In this week’s Torah portion (Beshalach), the children of Israel cross the Sea of Reeds. Upon experiencing that miracle, Torah tells us, three things happened: 1) they felt yir’ah, awe, and 2) they felt emunah, faith and trust, and 3) they broke into shirah, song. (And for me, the Torah is always both about what happened to “them” back “then,” and also about us here and now: our journey, our spiritual lives, our emotional possibilities.) Some of the words they sang found their way into daily Jewish liturgy:

 מִֽי־כָמֹ֤כָה בָּֽאֵלִם֙ יְהֹוָ֔’’ה? מִ֥י כָּמֹ֖כָה נֶאְדָּ֣ר בַּקֹּ֑דֶשׁ, נוֹרָ֥א תְהִלֹּ֖ת, עֹ֥שֵׂה פֶֽלֶא׃

Mi chamocha ba-eilim Adonai? Mi camocha nedar bakodesh, nora tehilot, oseh feleh!
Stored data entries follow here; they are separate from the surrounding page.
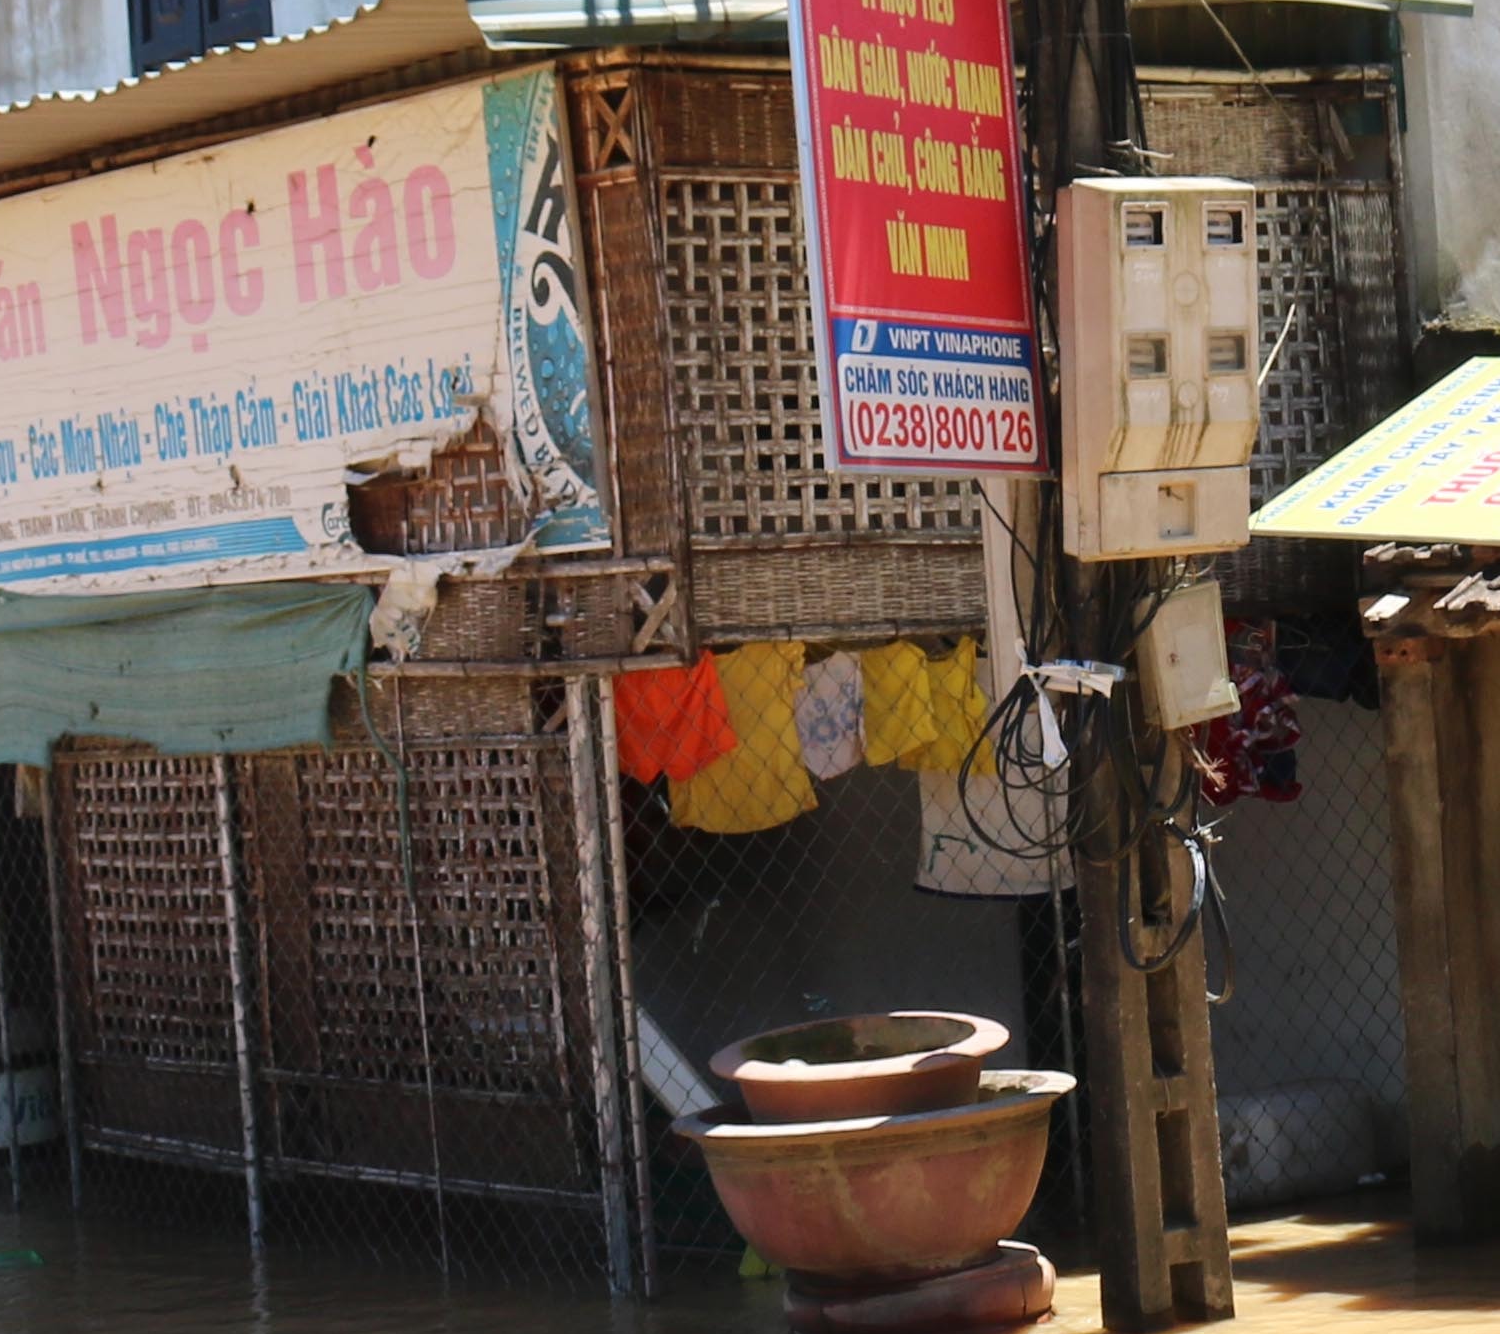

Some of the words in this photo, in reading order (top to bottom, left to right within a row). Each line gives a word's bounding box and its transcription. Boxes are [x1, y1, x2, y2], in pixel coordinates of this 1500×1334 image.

[819, 25, 857, 93] DÂN
[906, 40, 952, 109] NƯỚC
[954, 59, 1002, 126] MẠNH
[831, 115, 870, 182] DÂN
[913, 128, 960, 195] CÔNG
[961, 122, 1006, 201] BẰNG
[70, 208, 265, 353] Ngọc
[886, 210, 922, 276] VĂN
[924, 224, 970, 281] MINH
[511, 305, 540, 437] BREWED
[888, 328, 930, 352] VNPT
[934, 331, 1022, 359] VINAPHONE
[845, 363, 892, 394] CHĂM
[898, 365, 928, 396] SÓC
[933, 369, 984, 400] KHÁCH
[989, 371, 1029, 402] HÀNG
[28, 419, 60, 480] Các
[60, 414, 97, 474] Món
[97, 407, 143, 482] Nhậu
[154, 395, 188, 461] Chè
[189, 392, 232, 465] Thập
[235, 374, 277, 449] Cẩm
[334, 364, 382, 435] Khát
[384, 356, 423, 424] Các
[850, 400, 1033, 453] (0238)800126
[1459, 427, 1489, 436] Y
[1312, 464, 1394, 509] KHÁM
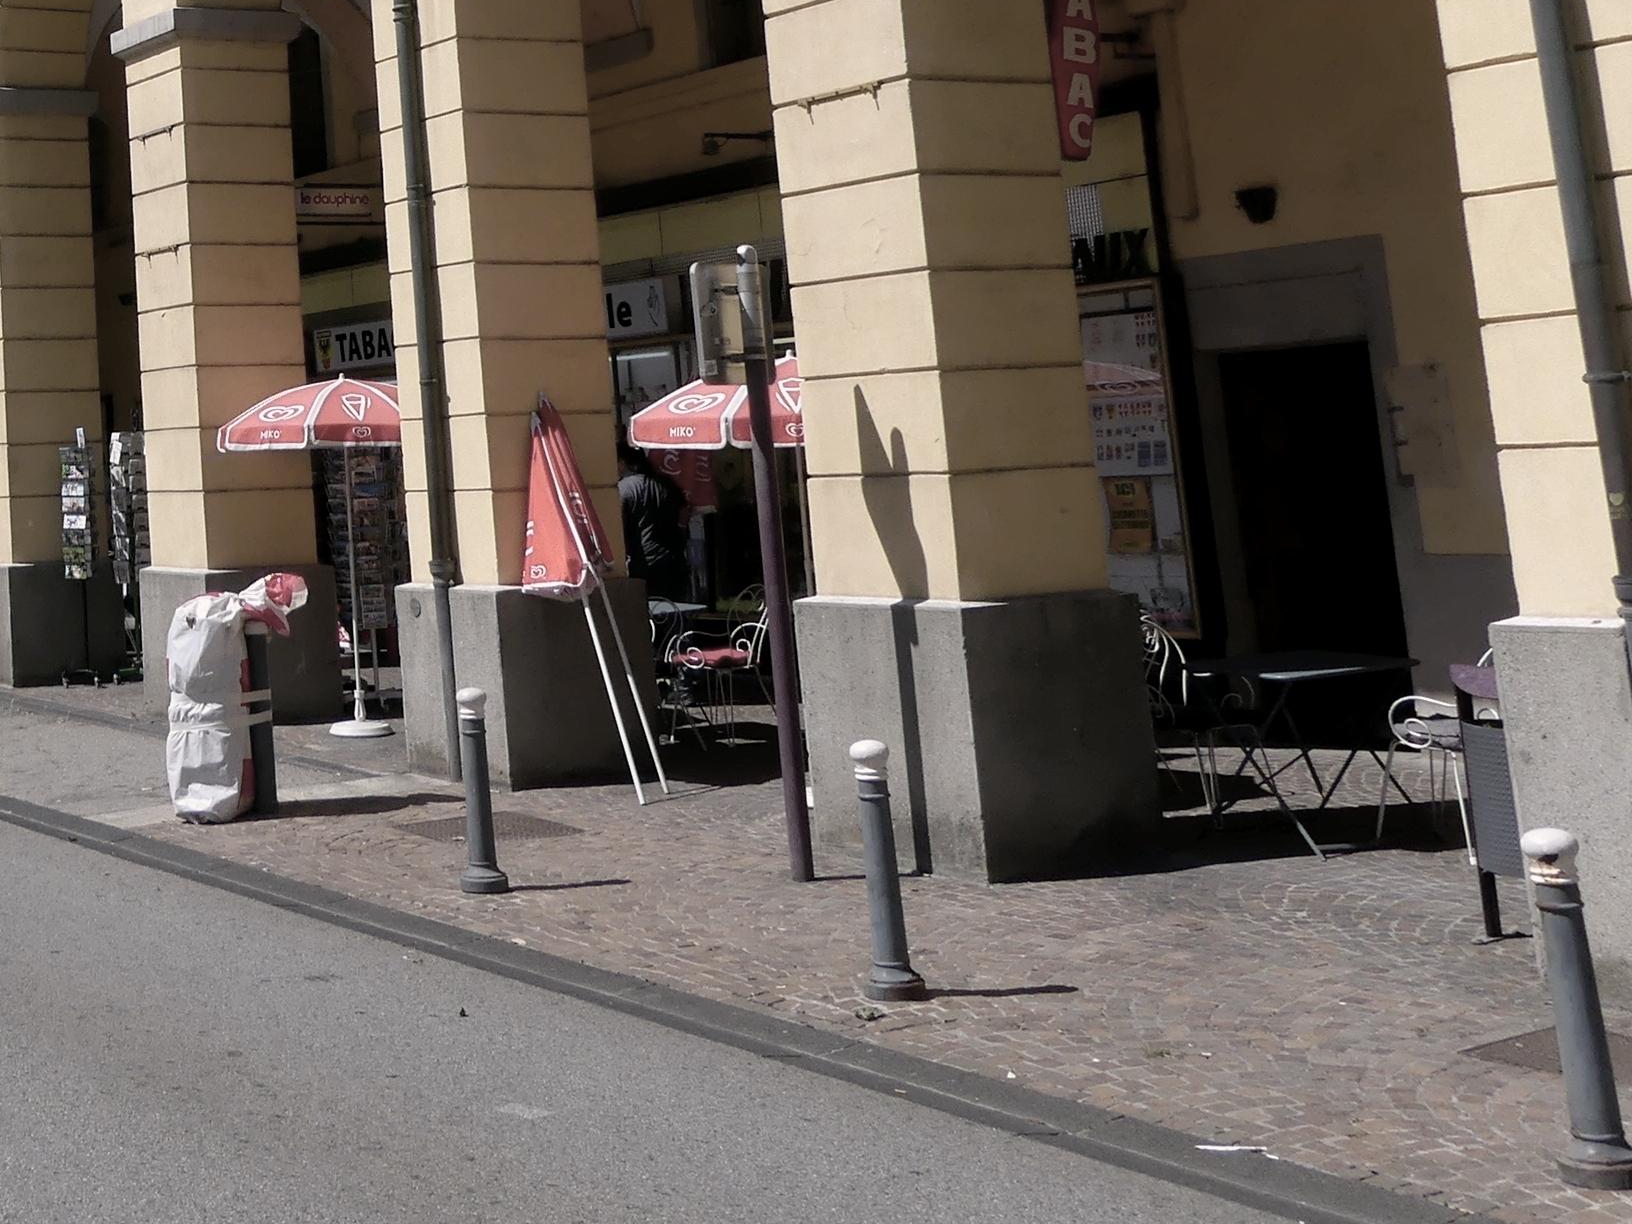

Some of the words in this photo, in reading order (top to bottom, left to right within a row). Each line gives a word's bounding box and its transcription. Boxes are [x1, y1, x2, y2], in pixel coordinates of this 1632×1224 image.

[606, 292, 632, 328] le
[335, 327, 393, 363] TABA
[669, 427, 695, 438] MIKO
Who is like You, God — majestic in holiness, awesome in splendor, Worker of Wonders?

And when we sing these words each day, we’re called to remember. To remember the miracle of the redemption from slavery, the Exodus from Egypt, the crossing of the Sea. Take apart the English word remember and you get re/member — to experience memory in the body; to re-inhabit lived experience. Singing Mi Chamocha is an opportunity to re-member liberation. To experience it again. To feel it in our bodies. To cultivate our sense of awe and trust, and from those emotions, to joyously sing.

The daily liturgy specifically mentions joy. “They answered You [and so we too answer You] with song, with great joy!” As the psalmist wrote — the words that are inscribed over our sanctuary doors and over our ark — “Serve the One with joy, come before God with gladness.” (Psalm 100:2) Once we were slaves to a Pharaoh in Egypt, but once we emerged through the sea we became servants of the Most High. Slave or servant: the same word — עבד / eved — but the emotional valance is completely different.
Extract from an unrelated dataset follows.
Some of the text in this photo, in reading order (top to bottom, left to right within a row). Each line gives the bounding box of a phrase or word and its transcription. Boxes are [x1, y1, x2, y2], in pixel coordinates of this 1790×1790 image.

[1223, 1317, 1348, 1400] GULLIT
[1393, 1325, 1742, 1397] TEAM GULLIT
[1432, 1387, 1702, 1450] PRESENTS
Torah tells us that while we were in slavery, we experienced קוצר רוח/ kotzer ruach: constriction of spirit / shortness of breath, both physical and spiritual. Without breath, without spirit, it’s hard to sing. And I want to acknowledge the fact that sometimes genuine joy is hard to come by. Sometimes life’s constrictions — depression, or grief, or loss — steal our breath and our song. Pretending otherwise would be spiritual bypassing, using spiritual life to pretend that everything’s okay when it’s really not.
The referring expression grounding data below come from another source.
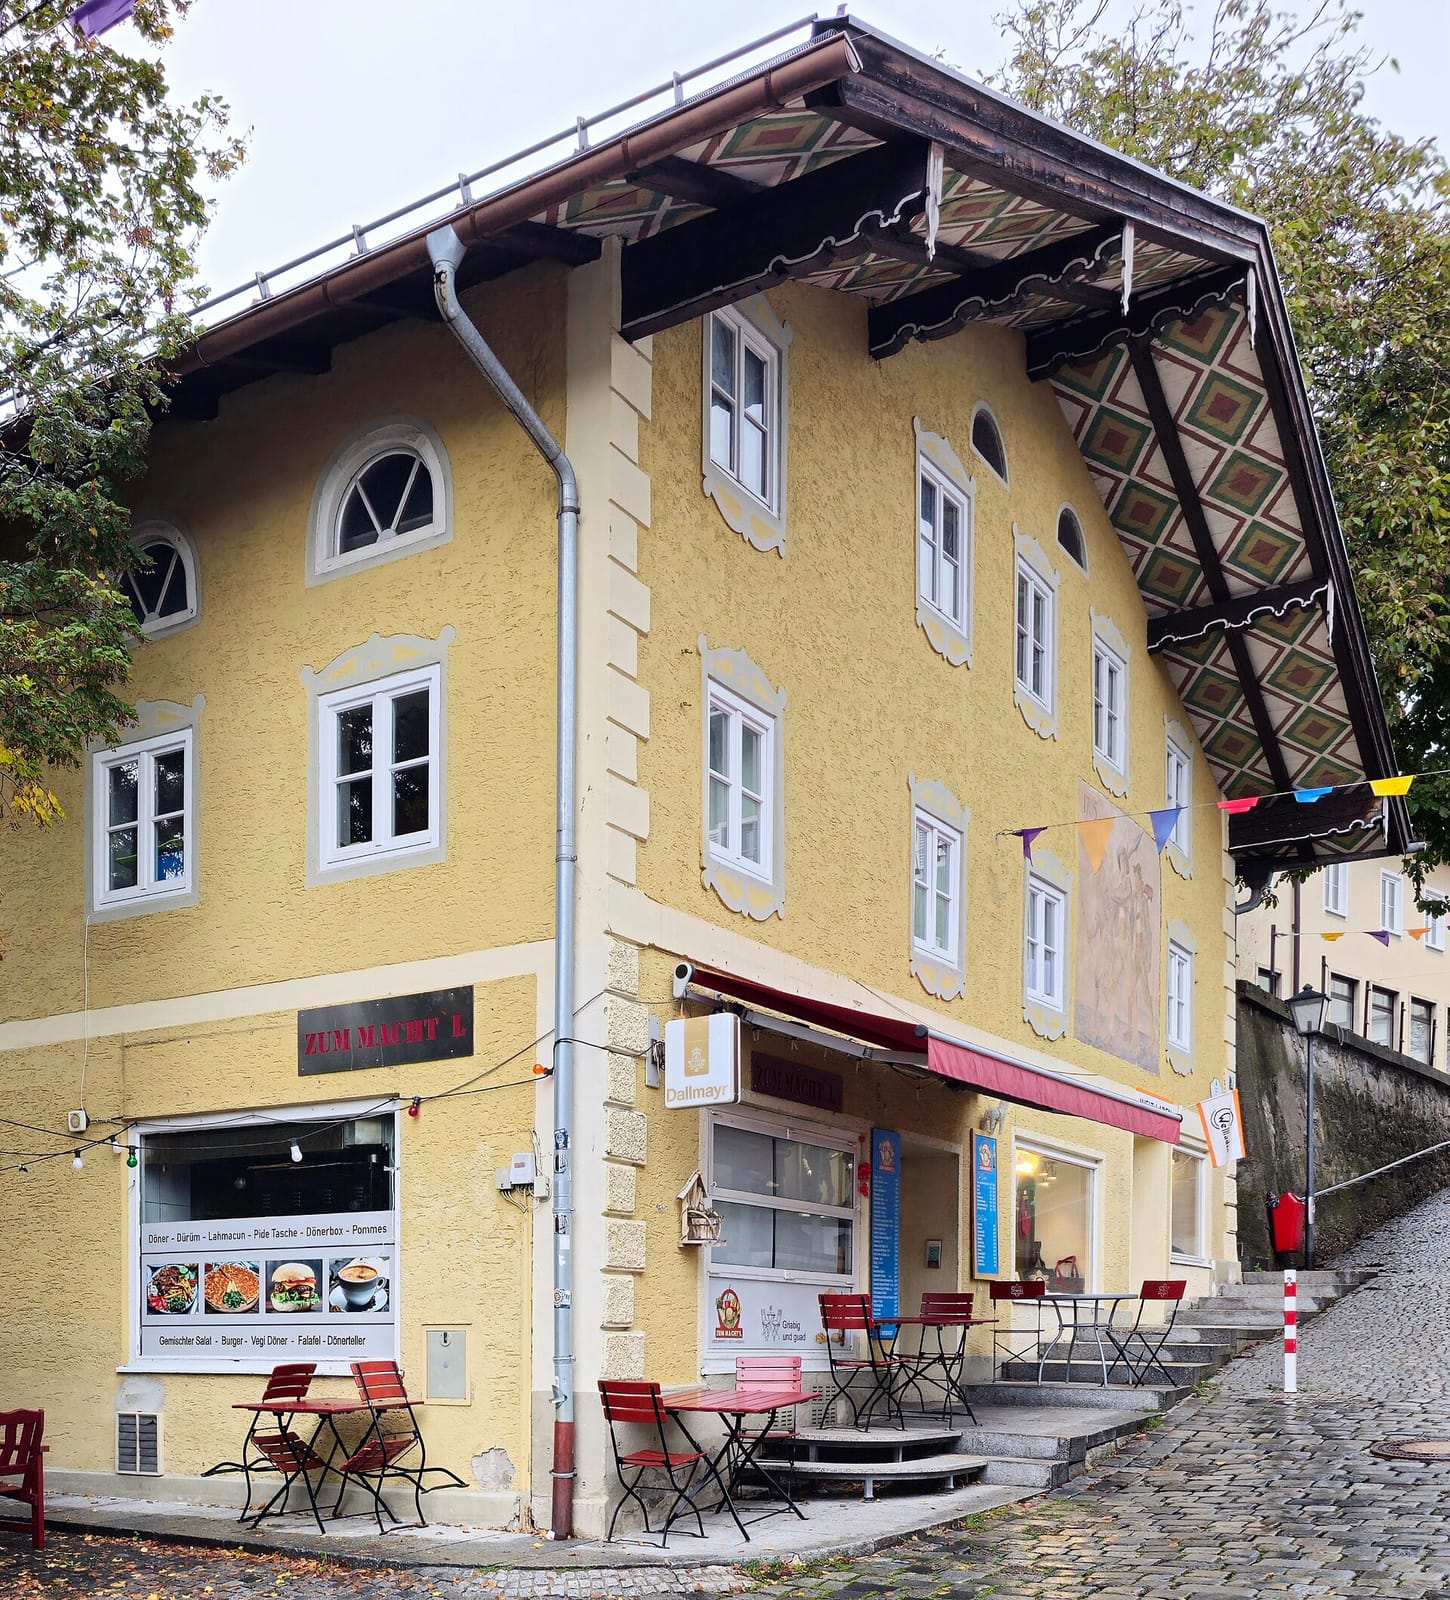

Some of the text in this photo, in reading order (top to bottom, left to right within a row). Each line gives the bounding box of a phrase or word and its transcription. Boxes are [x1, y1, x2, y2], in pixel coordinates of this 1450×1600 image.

[304, 1028, 351, 1056] ZUM
[666, 1085, 728, 1102] Dallmayr
[148, 1233, 170, 1244] Döner
[176, 1232, 201, 1243] Dürüm
[208, 1231, 246, 1241] Lahmacun
[253, 1228, 270, 1239] Pide
[271, 1227, 298, 1239] Tasche
[306, 1225, 344, 1237] Dönerbox
[352, 1224, 388, 1234] Pommes
[159, 1336, 195, 1346] Gemischter
[195, 1336, 212, 1346] Salat
[221, 1335, 243, 1348] Burger
[251, 1335, 266, 1348] Vegi
[267, 1335, 288, 1346] Döner
[298, 1335, 321, 1346] Falafel
[327, 1335, 367, 1346] Dönerteller
[782, 1333, 793, 1341] und
And. Every day our liturgy gives us the opportunity to remember — to really re/member — awe and trust and song. The Hasidic teacher known as the Sfat Emet writes that thanks to our faith and trust the Shechinah (God’s own Presence) came to dwell within us, and our faith purified our hearts and then we were able to sing. He goes on to say: in fact that’s the whole reason we were created in this world in the first place: to bear witness to life’s miracles, to be redeemed from constriction, and to sing.

I want to say that again, because it’s so radical. The whole reason we were created is to notice life’s miracles, to be redeemed from life’s narrow places, and to sing. “Everyone else has a purpose, so what’s mine?” The Sfat Emet says: awe, and liberation, and song. Our purpose isn’t to get promoted, or to climb the social ladder, or to rack up accomplishments. “If you want to sing out, sing out; if you want to be free, be free!” Our tradition says: the experience of freedom will naturally lead us to song.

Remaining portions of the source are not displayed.